Top of Records for the task

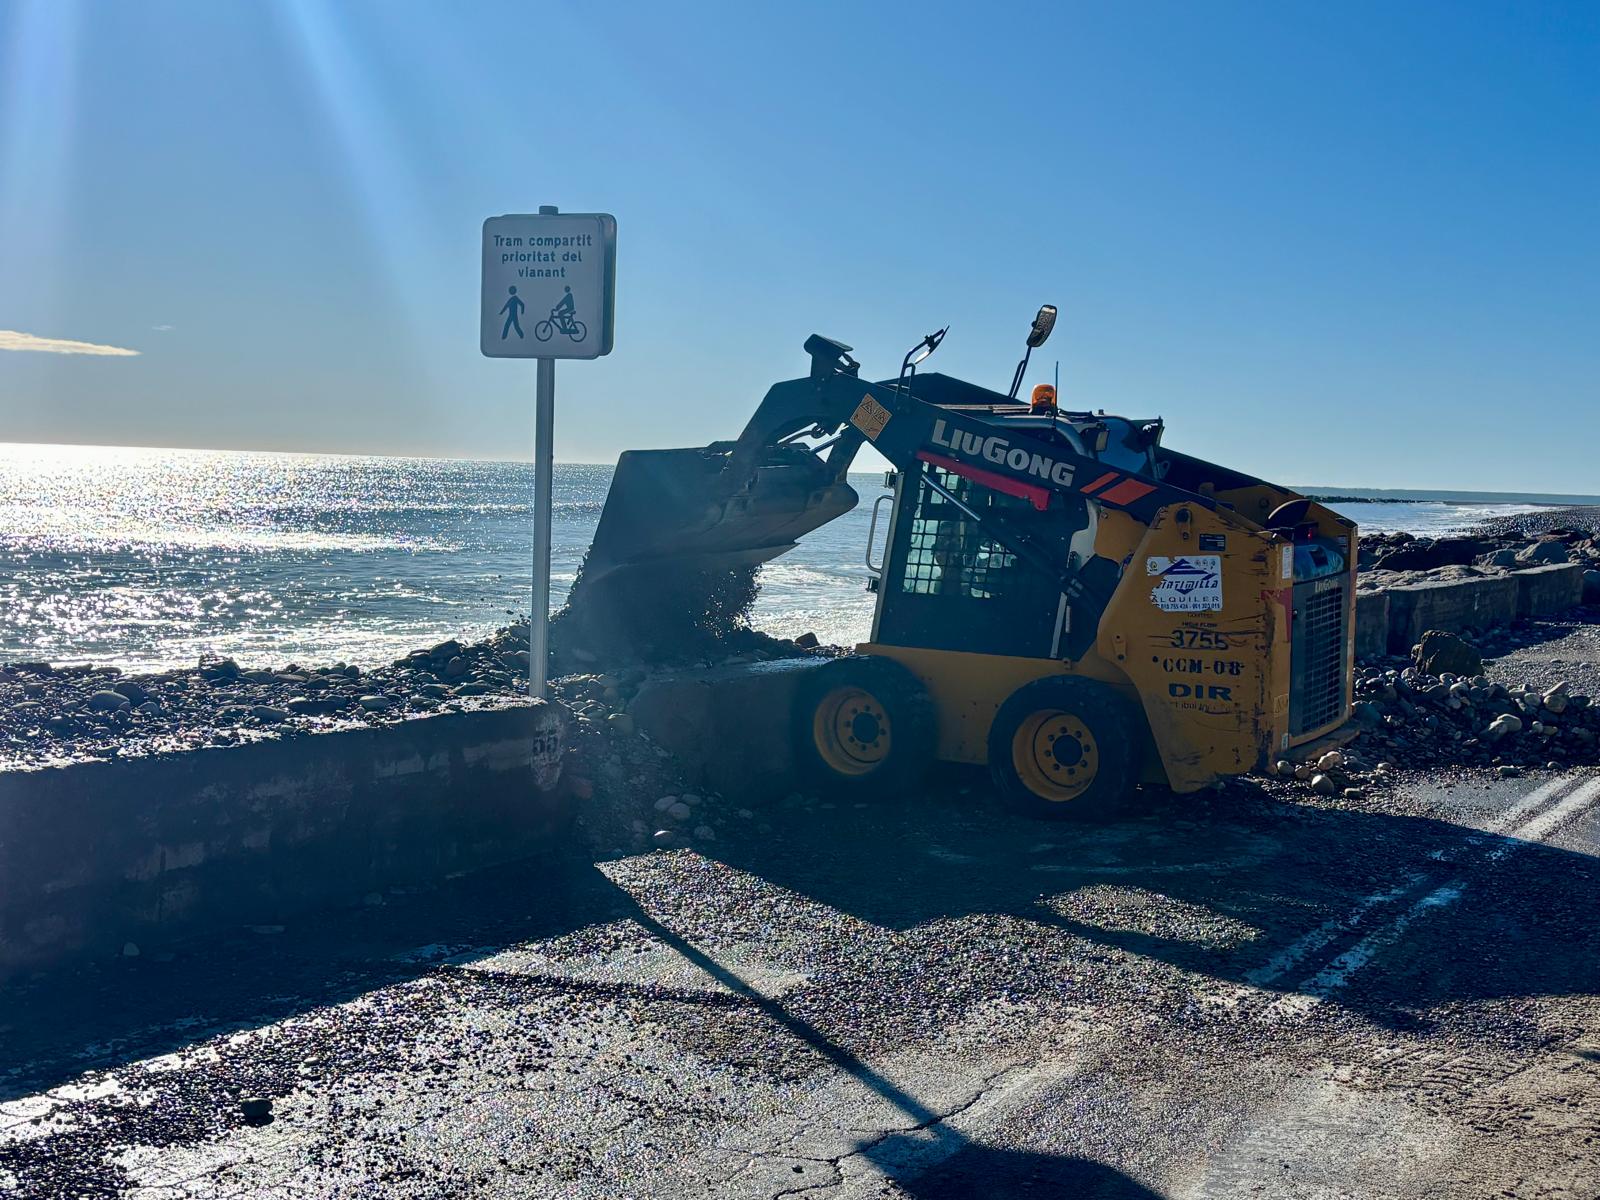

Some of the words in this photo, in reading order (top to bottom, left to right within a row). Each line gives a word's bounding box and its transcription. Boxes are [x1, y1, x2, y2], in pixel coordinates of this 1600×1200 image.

[493, 235, 522, 247] Tram
[528, 234, 592, 248] compartit
[502, 251, 556, 264] prioritat
[562, 251, 582, 262] del
[518, 267, 566, 278] vianant
[1168, 683, 1233, 701] DIR

Bottom of Records for the task

About this exercise: Print every record exactly without the images.

Result for this exercise:
Some of the words in this photo, in reading order (top to bottom, left to right within a row). Each line gives a word's bounding box and its transcription. Boxes are [x1, y1, x2, y2], in pixel coordinates of this 1600×1200 image.

[493, 235, 522, 247] Tram
[528, 234, 592, 248] compartit
[502, 251, 556, 264] prioritat
[562, 251, 582, 262] del
[518, 267, 566, 278] vianant
[1168, 683, 1233, 701] DIR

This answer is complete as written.